In this case, the color-change layers may be the same or different
in composition. A non-color-change layer may be laminated to
another non-color-change layer. Then, the non-color-change layers
may be the same or different in composition. Similarly, when an
overcoat layer is laminated to another overcoat layer, the two
layers may be the same or different in composition.
[0058] Each layer may be formed over the entire surface of the
substrate or another layer or only over part of the surface. In
this case, too, it is necessary to construct respective layers in a
manner enabling a change of color of the color-change layer.
[0059] The particularly preferred is an ozone indicator comprising
a substrate and, as disposed thereon, (1) a color-change layer
comprised of an ozone sensitive ink, (2) a non-color-change layer,
and (3) as formed on part or the whole of the surface of said
color-change layer, an overcoat layer, wherein the respective
layers are formed in such a manner that part or the whole of said
color-change layer may be exposed to ozone to undergo change in
color.
[0060] The color-change layer may be allowed to undergo change in
color by, for example, forming the non-color-change layer on the
color-change layer in such a manner that at least a part of the
color-change layer will be exposed to an ozone atmosphere and
disposing the overcoat layer to cover the exposed part or whole of
the color-change layer. In this arrangement, the non-color-change
layer may also be covered with the overcoat layer.
[0061] Furthermore, the color-change-layer and the non-color-change
layer may be formed in such a manner that the color difference
between the color-change layer and the non-color-change layer may
become recognizable only after the color-change layer has undergone
change in color or the respective layers may be formed in such a
manner that only color change of the color-change layer will result
in no color difference.
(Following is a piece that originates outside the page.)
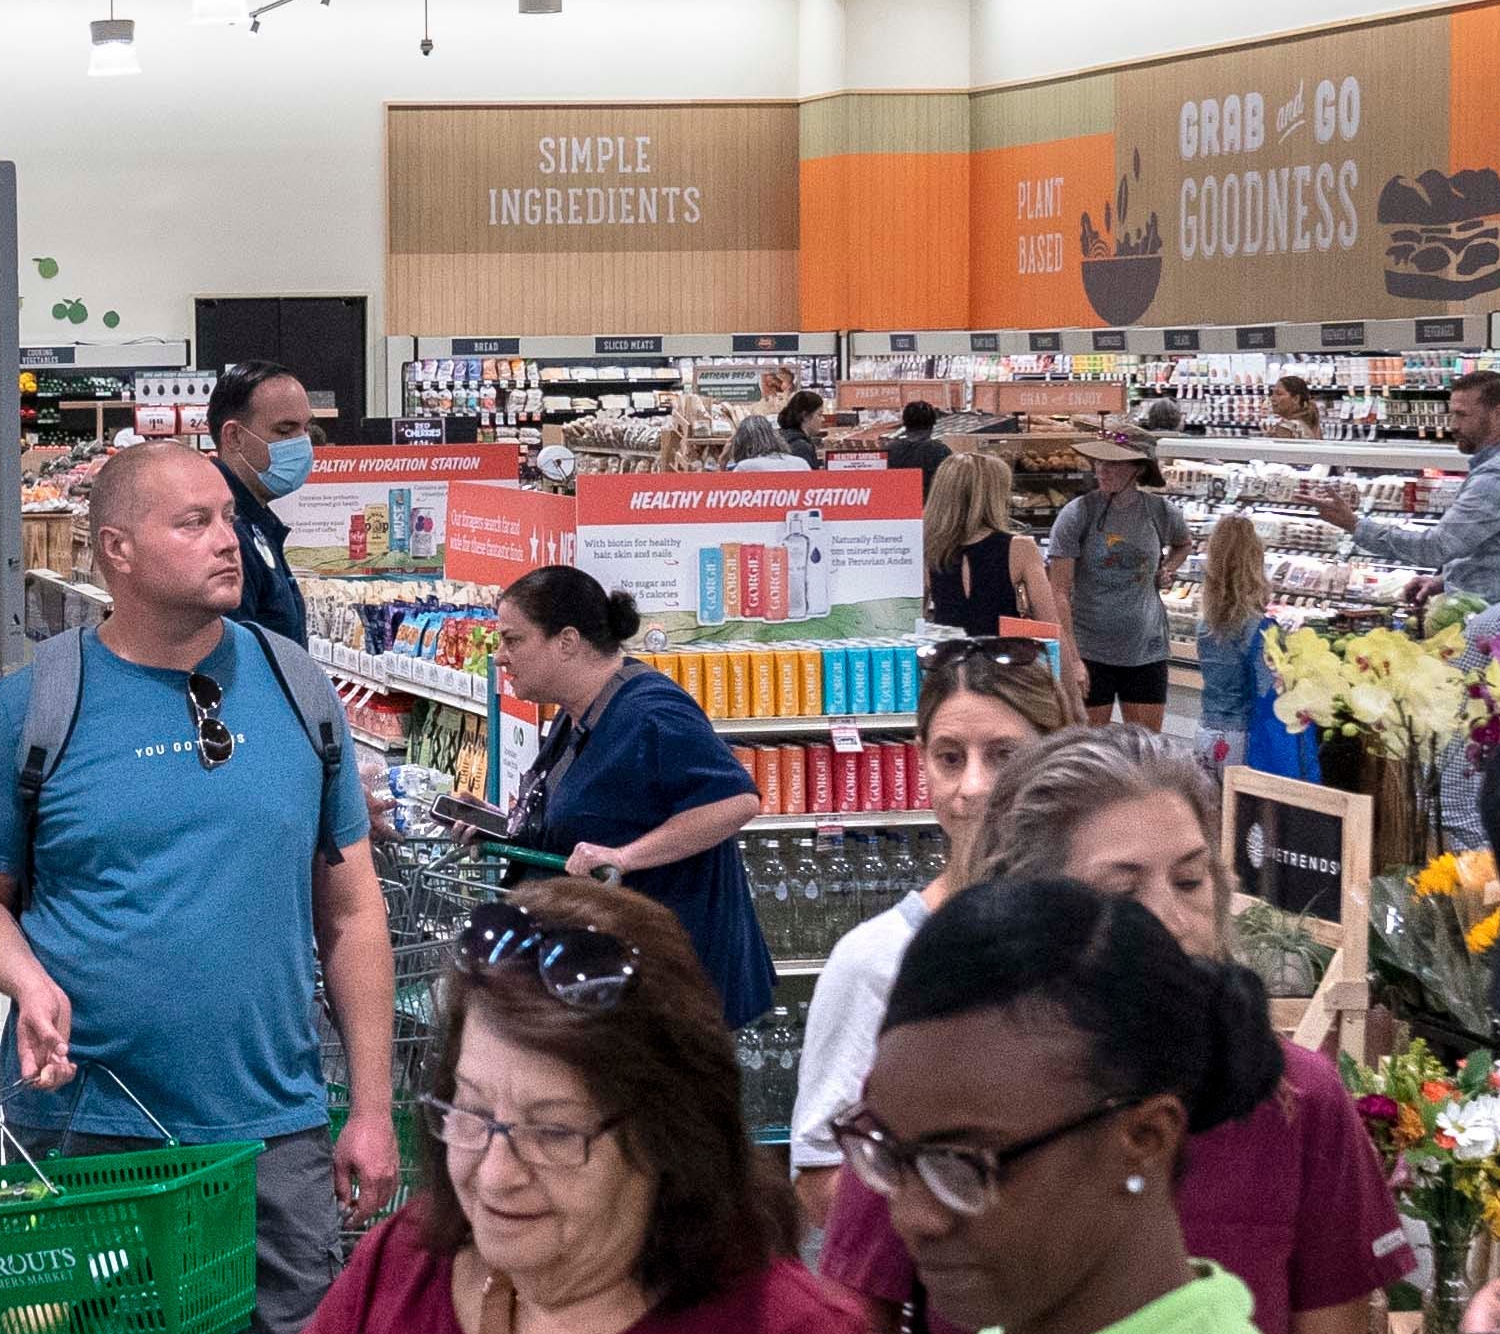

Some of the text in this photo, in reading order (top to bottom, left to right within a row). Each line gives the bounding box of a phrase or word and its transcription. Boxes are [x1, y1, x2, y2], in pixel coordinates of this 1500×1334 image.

It is particularly preferable to form the
color-change layer and the non-color-change layer in such a manner
that the color difference between the color-change layer and the
non-color-change layer will become noticeable only after the
color-change layer has undergone change in color.
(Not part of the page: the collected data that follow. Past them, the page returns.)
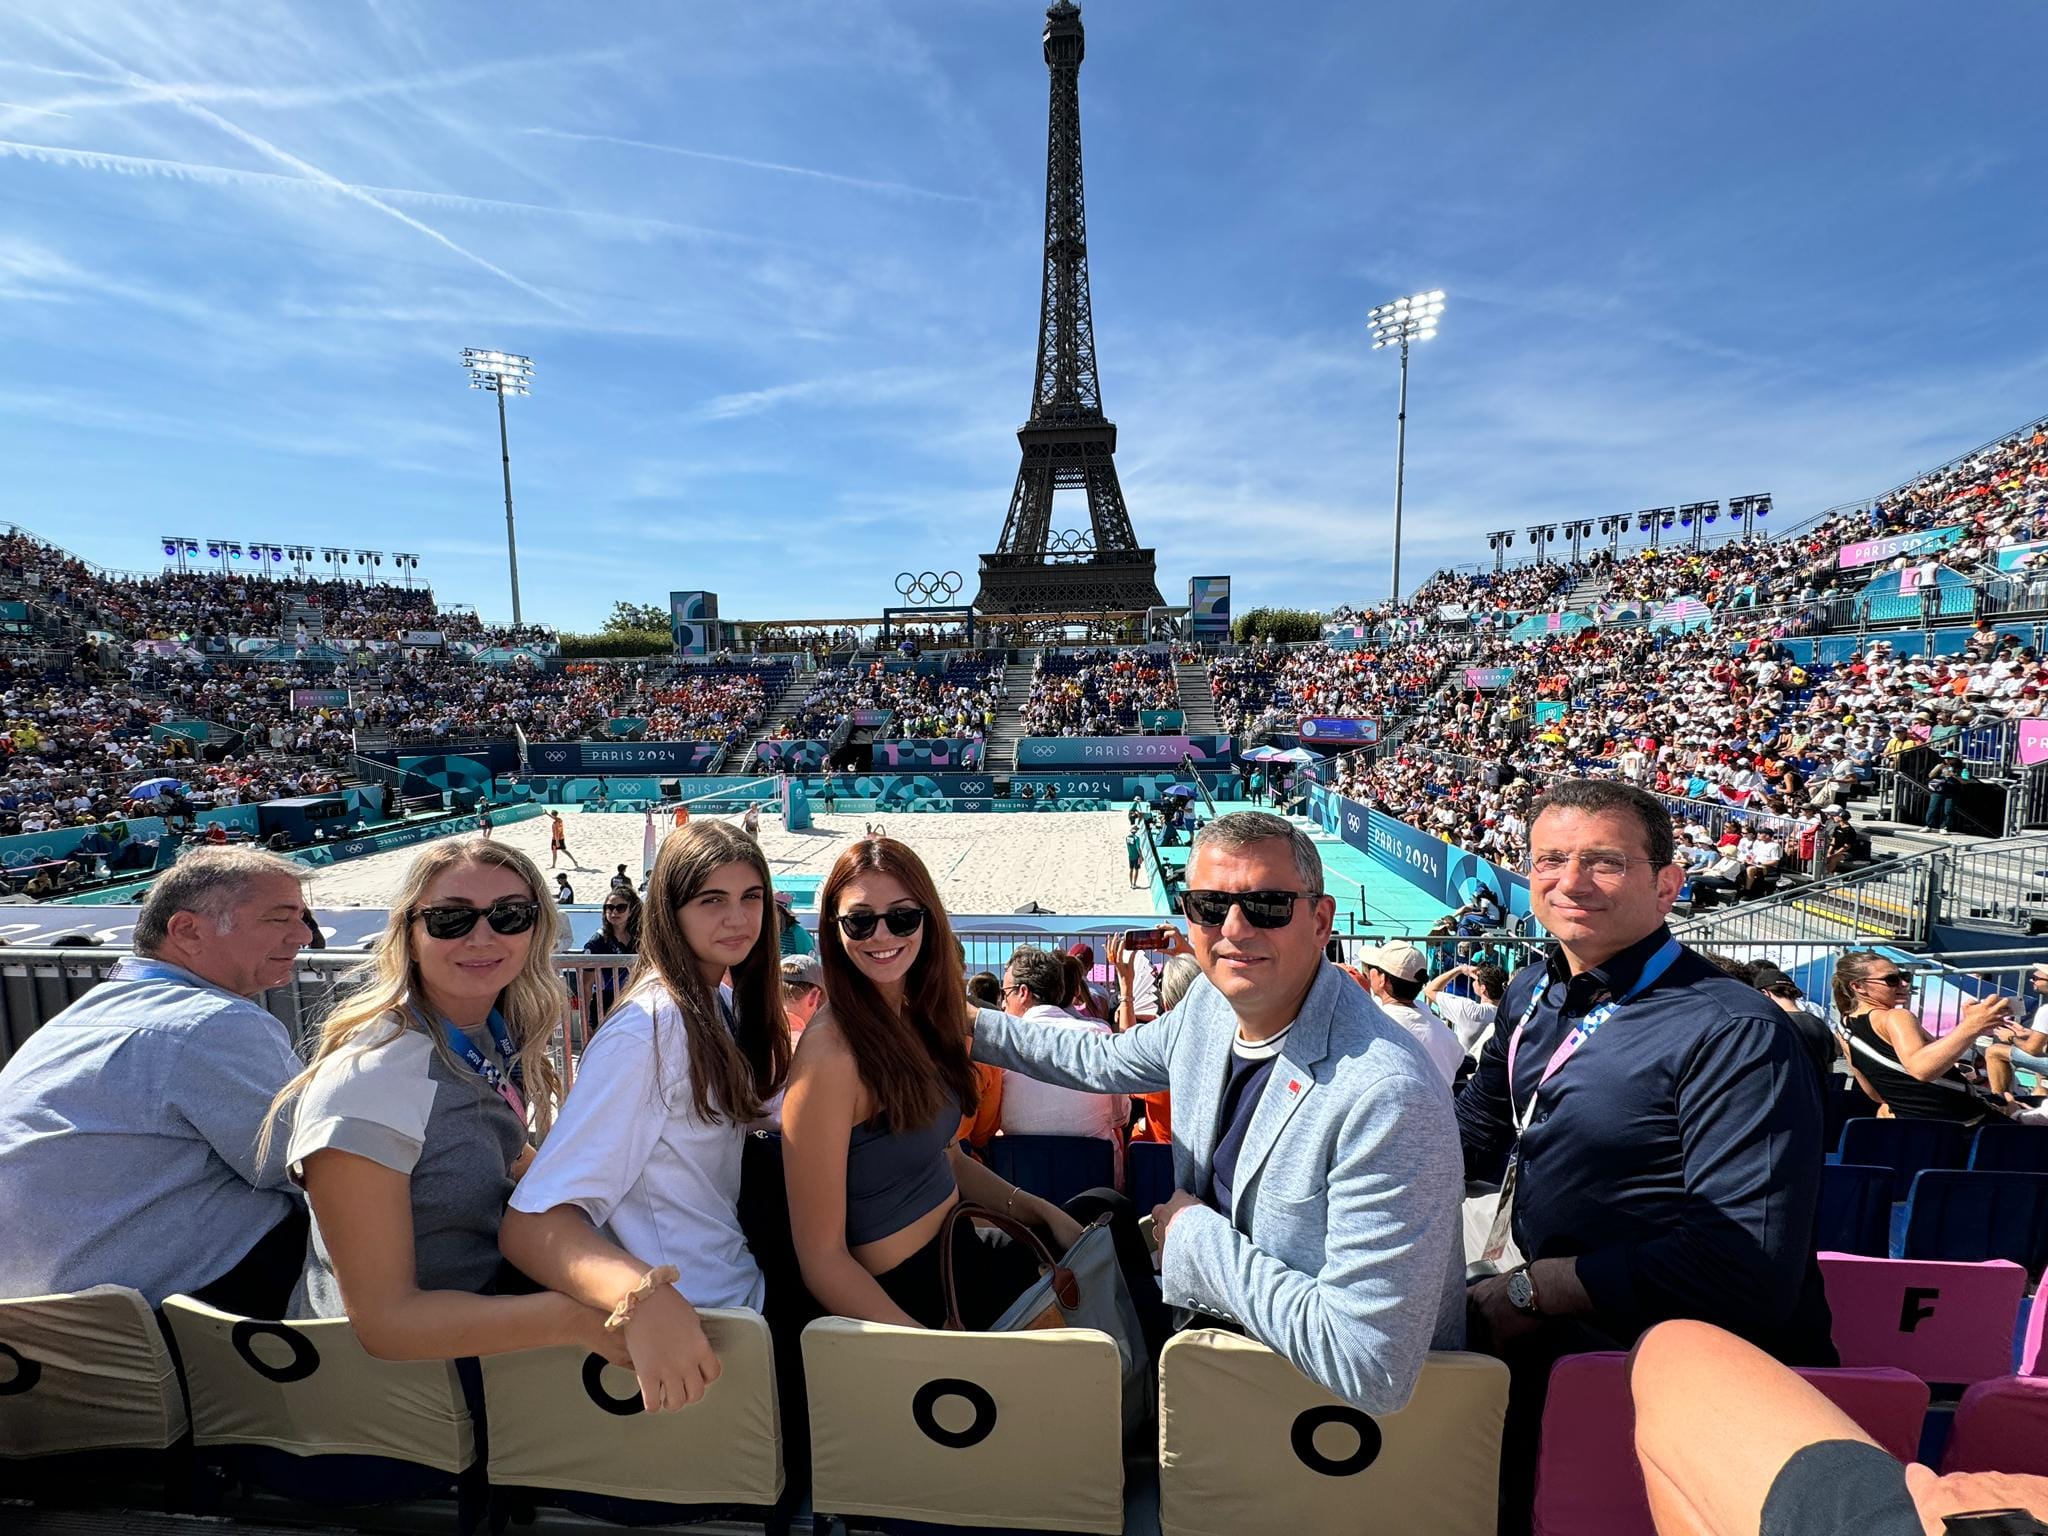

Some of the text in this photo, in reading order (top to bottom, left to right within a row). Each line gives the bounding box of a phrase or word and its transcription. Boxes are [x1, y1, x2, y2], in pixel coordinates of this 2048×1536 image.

[1855, 544, 1897, 559] PARIS
[592, 750, 675, 761] PARIS 2024
[1085, 744, 1177, 756] PARIS 2024
[1014, 782, 1111, 793] PRS 2024
[1374, 828, 1438, 879] PARIS 2024
[1898, 1286, 1940, 1334] F
[0062] When it is so arranged that a color difference may become
recognizable, the color-change layer and the non-color-change layer
may for example be formed in such a manner that at least one of a
character, a pattern and a symbol will appear on change in color of
the color-change layer. In the context of the present invention,
said character, pattern and symbol includes all information
directing attention to a change in color (presence of ozone). The
character and others mentioned above can be designed as desired
according to the intended use.
[0063] While it may also be arranged that the color-change layer
before color change and the non-color change layer are dissimilar
in color, it may likewise be so arranged that the color difference
(contrast) between the color-change layer and the non-color-change
layer will become recognizable only after the former layer has
undergone change in color.
[0064] In the ozone indicator of the invention, the color-change
layer and the non-color-change layer may be formed in such a manner
that there will be no overlap of layers. By dosing so, the amount
of ink can be economized. By way of illustration, the color-change
layer may be formed on part of the substrate surface, while the
non-color-change layer may be formed either on the remaining part
or the substrate may be left exposed.
[0065] Furthermore, in the present invention, a further
color-change layer or non-color-change layer may be disposed on at
least one of said color-change layer and non-color-change layer.
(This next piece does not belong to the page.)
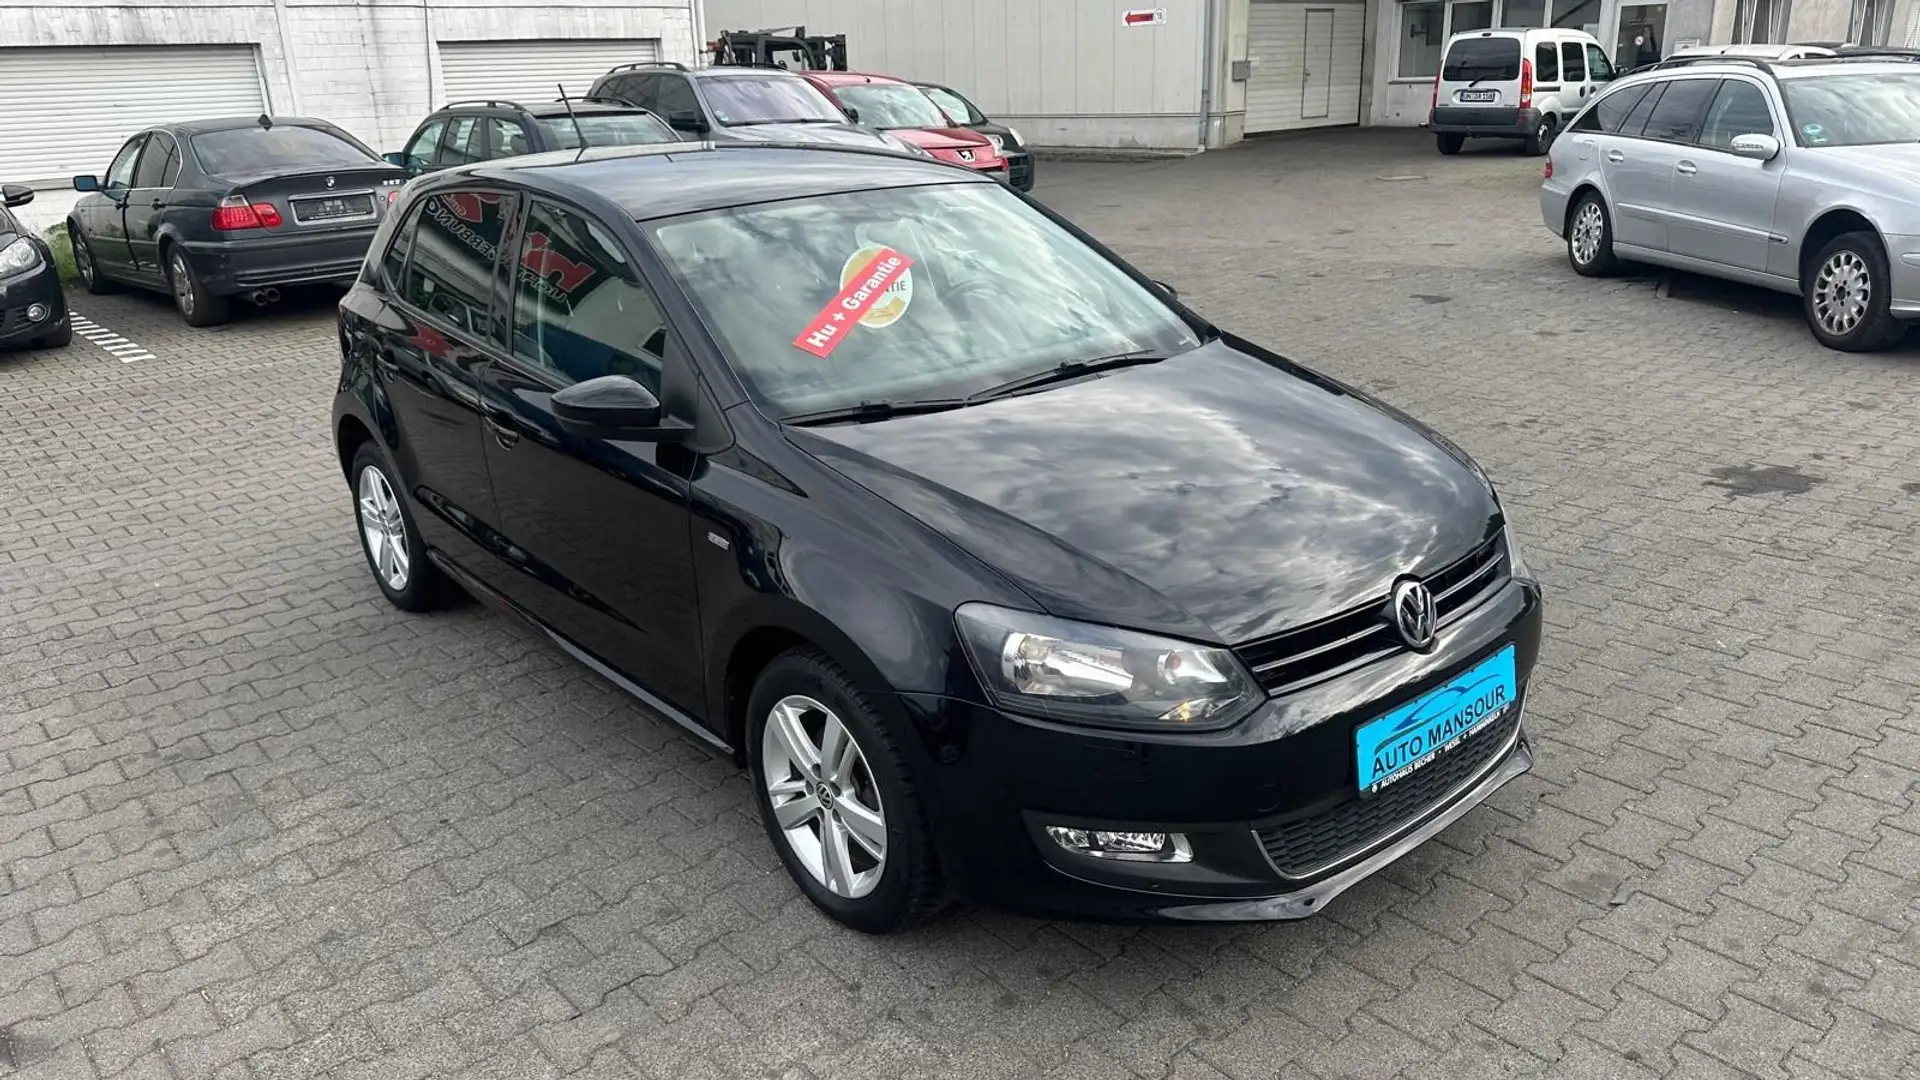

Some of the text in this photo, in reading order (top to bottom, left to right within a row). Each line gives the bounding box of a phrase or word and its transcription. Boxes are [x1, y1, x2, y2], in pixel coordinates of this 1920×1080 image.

For example, when a color-change layer and a non-color-change layer
are formed avoiding an overlap (a color-change/non-color-change
layer) and a color-change layer having another design is formed in
superimposition, the borderline between the color-change layer and
non-color-change layer in said color-change/non-color-change layer
can be made substantially unrecognizable so that a more attractive
appearance can be imparted.
[0066] The ozone indicator of the invention, when disposed in an
ozone atmosphere, detects the concentration of ozone and CT value
(ozone concentration .times. exposure time) more accurately and
rapidly. Particularly since the ozone indicator of the invention
has an overcoat layer, not only qualitative detection but also
quantitative detection can be made even in an atmosphere containing
a high concentration of ozone. For example, this ozone indicator is
applicable to an ozone atmosphere of 1000 ppm or higher ozone
concentration, particularly 3000 ppm or higher concentration.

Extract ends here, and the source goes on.